**RECORDS TO PROCESS:**
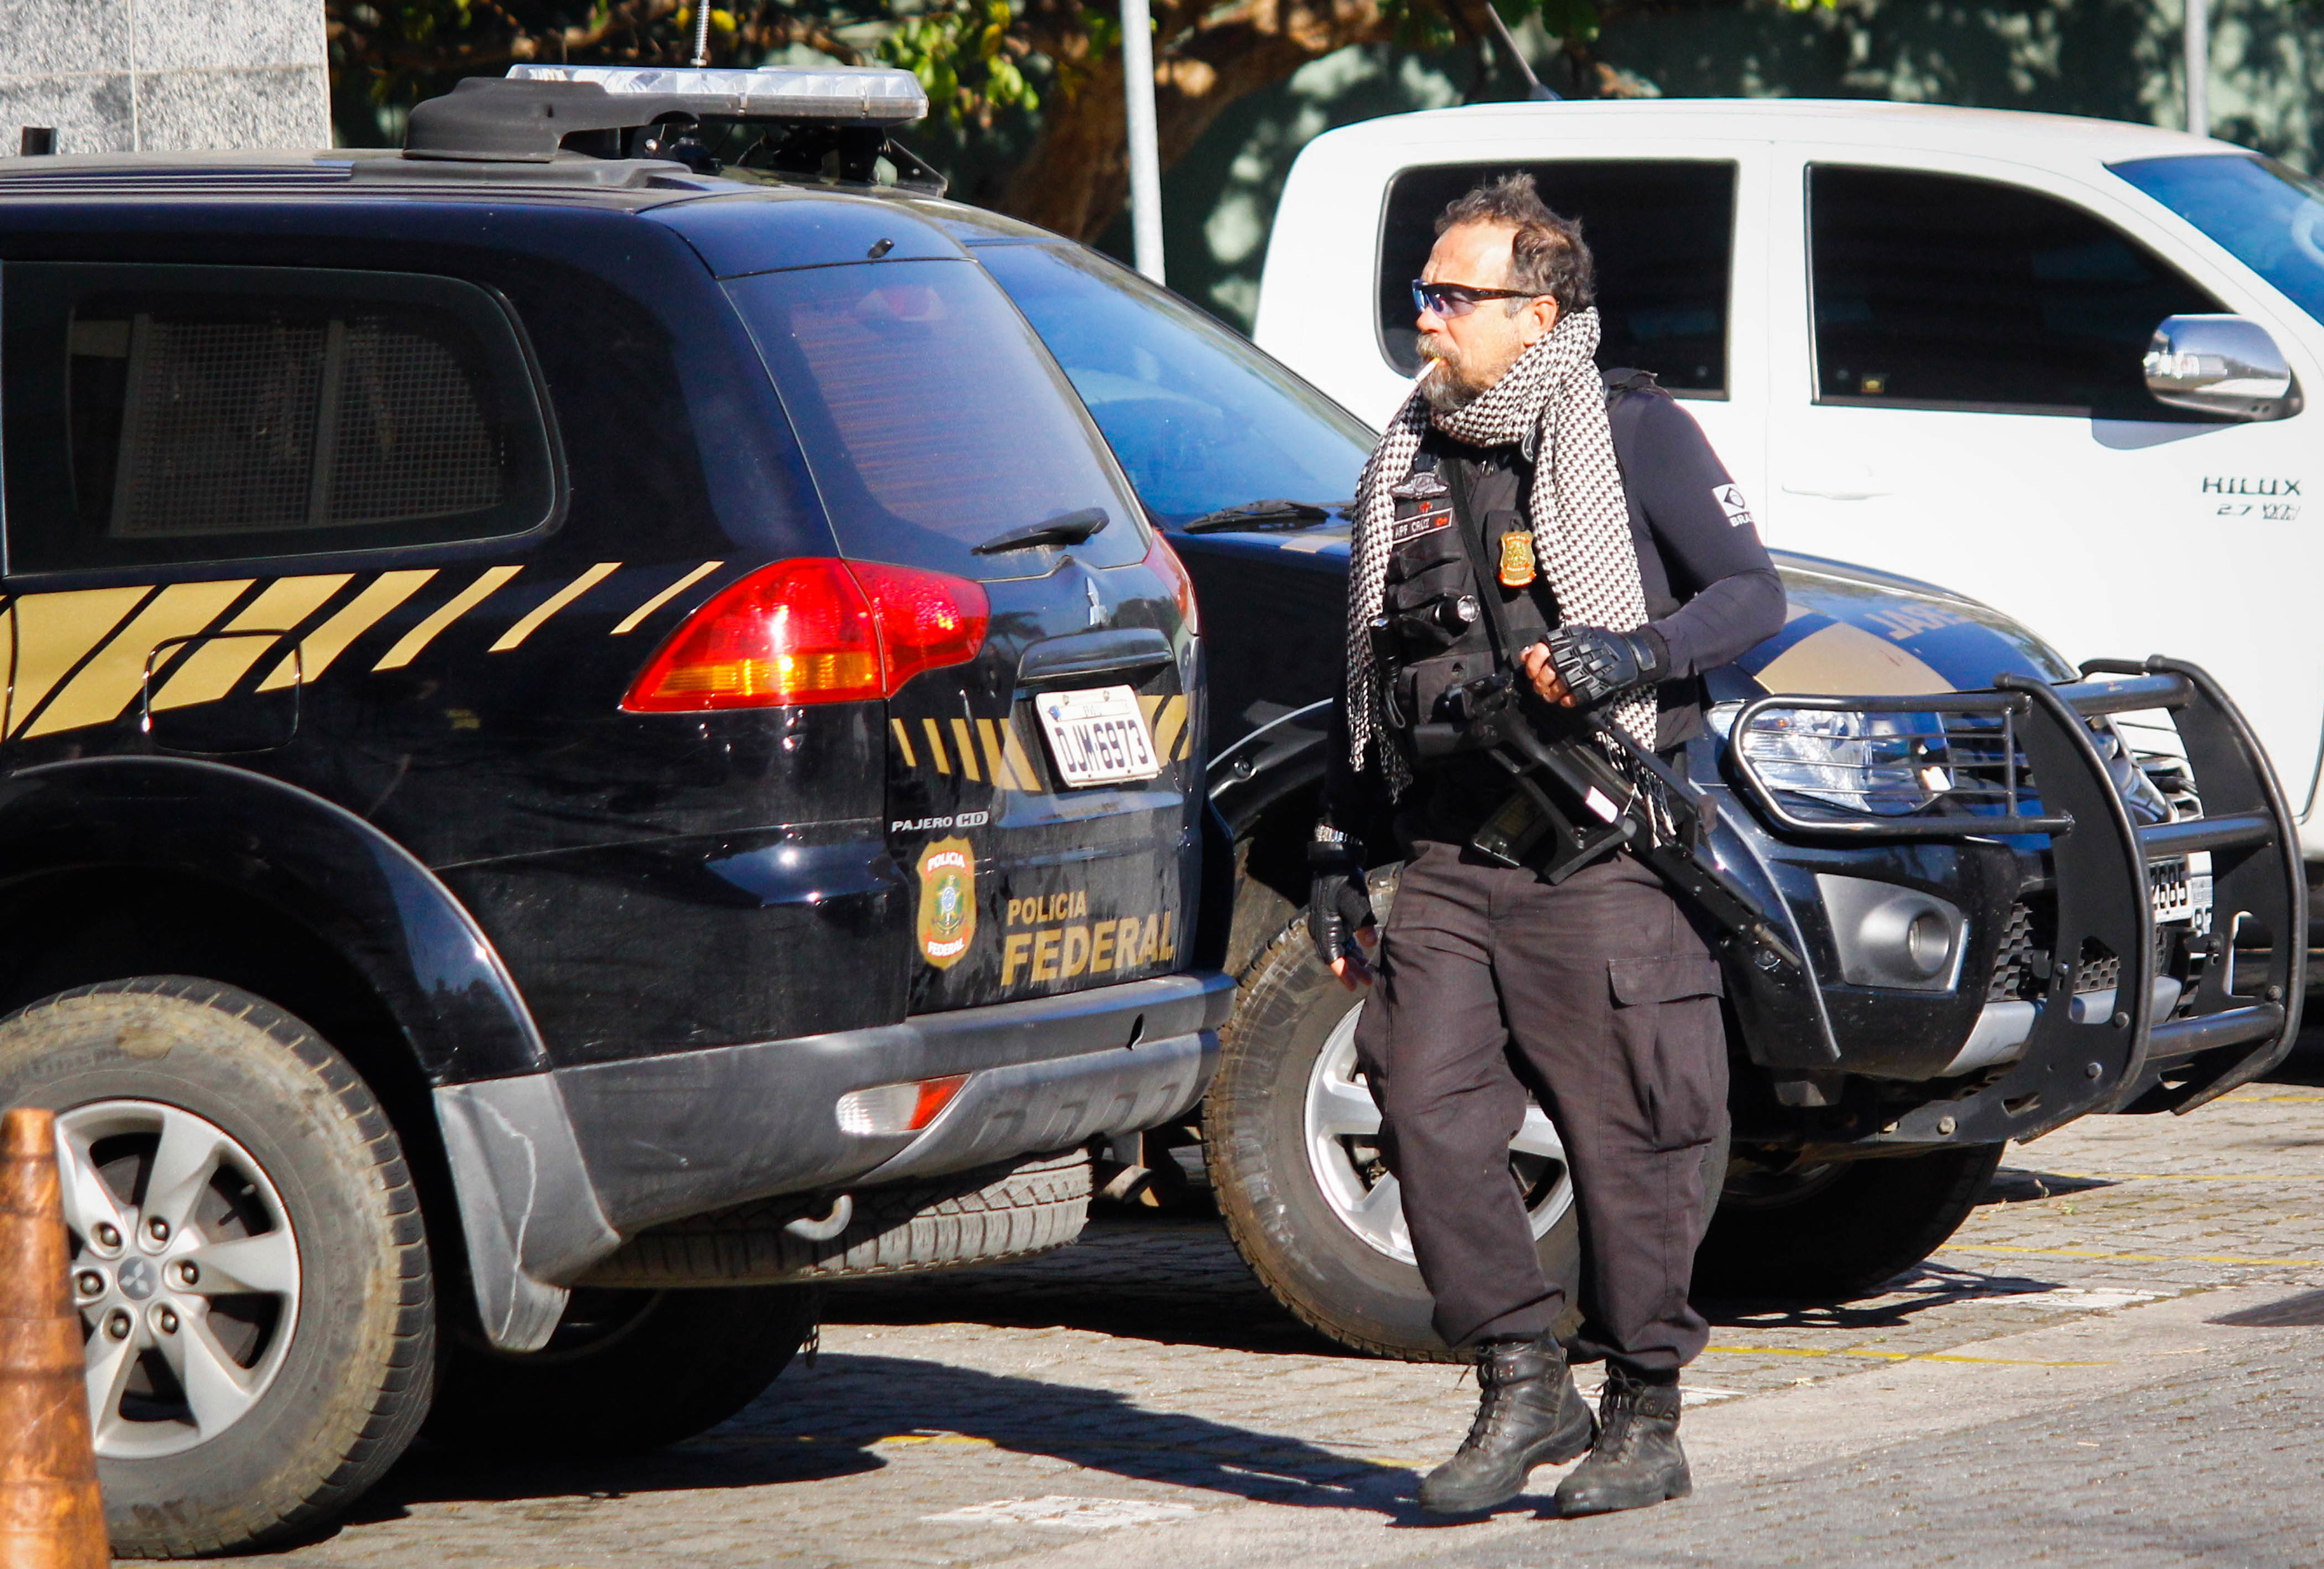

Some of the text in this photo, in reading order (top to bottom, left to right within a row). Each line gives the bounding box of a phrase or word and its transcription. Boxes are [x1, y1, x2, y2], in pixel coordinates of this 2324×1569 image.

[2203, 476, 2301, 496] HILUX
[1411, 518, 1430, 532] CRUZ
[891, 812, 985, 832] PAJERO HD
[927, 938, 965, 957] FEDERAL
[1001, 911, 1173, 986] FEDERAL
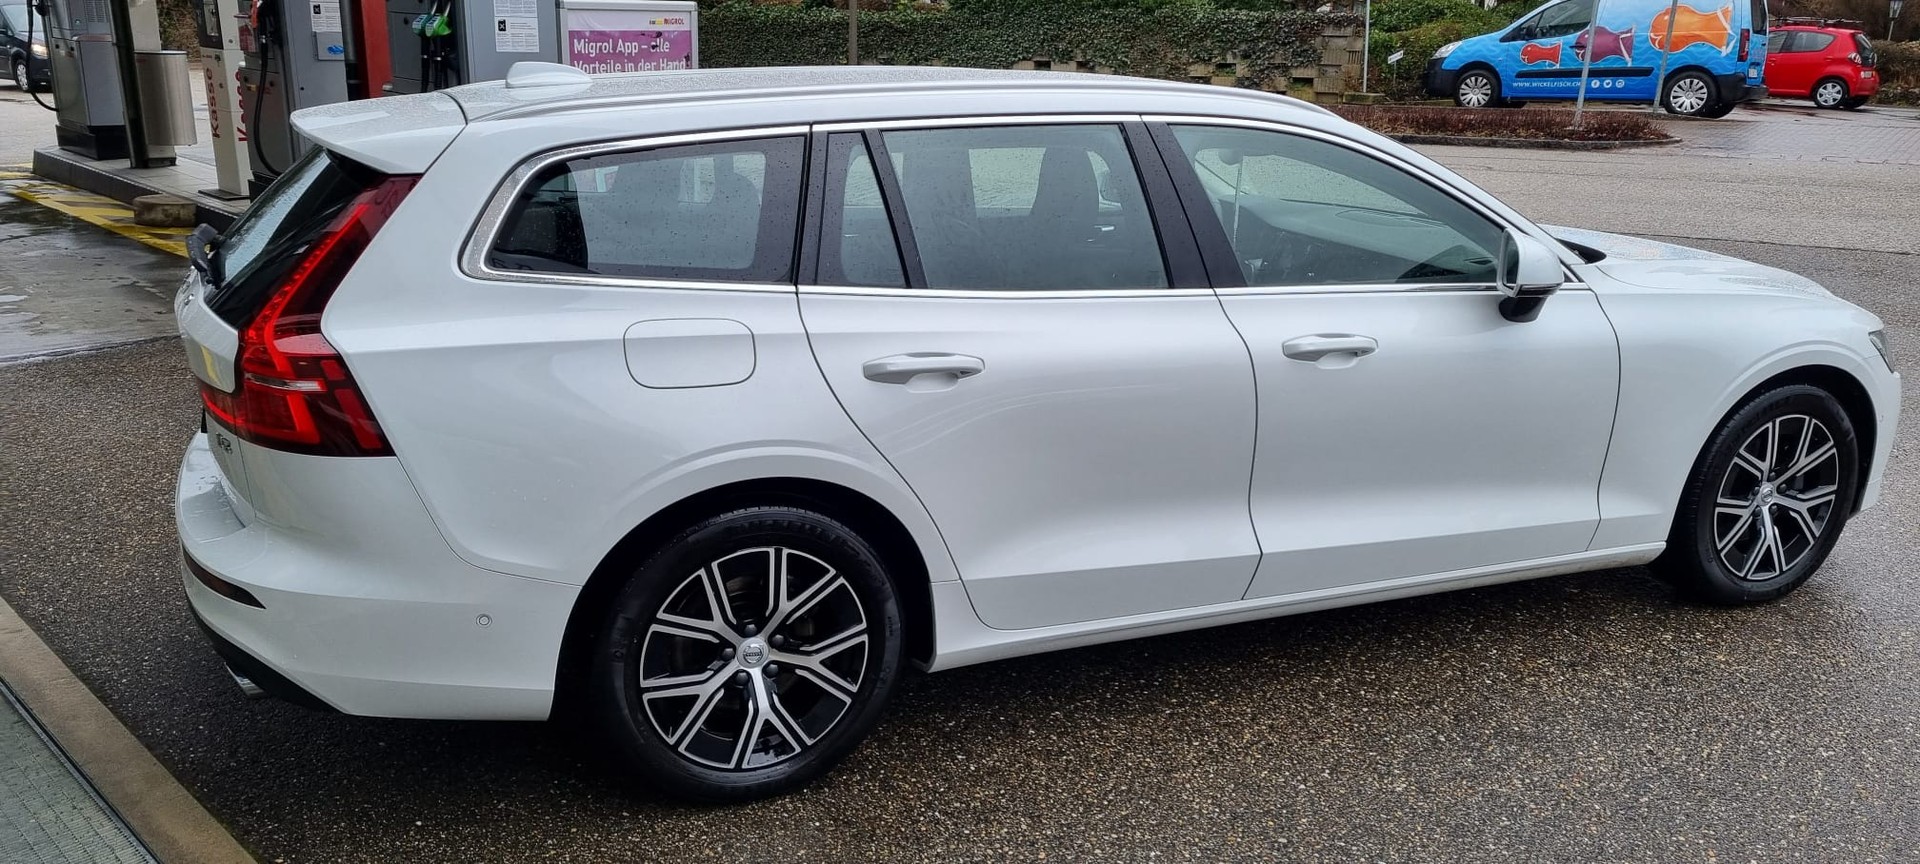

**TASK STATEMENT:** Copy the material exactly. Do not include the pictures.

**SOLUTION TO THE EXERCISE:**
Some of the text in this photo, in reading order (top to bottom, left to right within a row). Each line gives the bounding box of a phrase or word and its transcription. Boxes are [x1, y1, x2, y2], in pixel coordinates of this 2324×1569 image.

[2203, 476, 2301, 496] HILUX
[1411, 518, 1430, 532] CRUZ
[891, 812, 985, 832] PAJERO HD
[927, 938, 965, 957] FEDERAL
[1001, 911, 1173, 986] FEDERAL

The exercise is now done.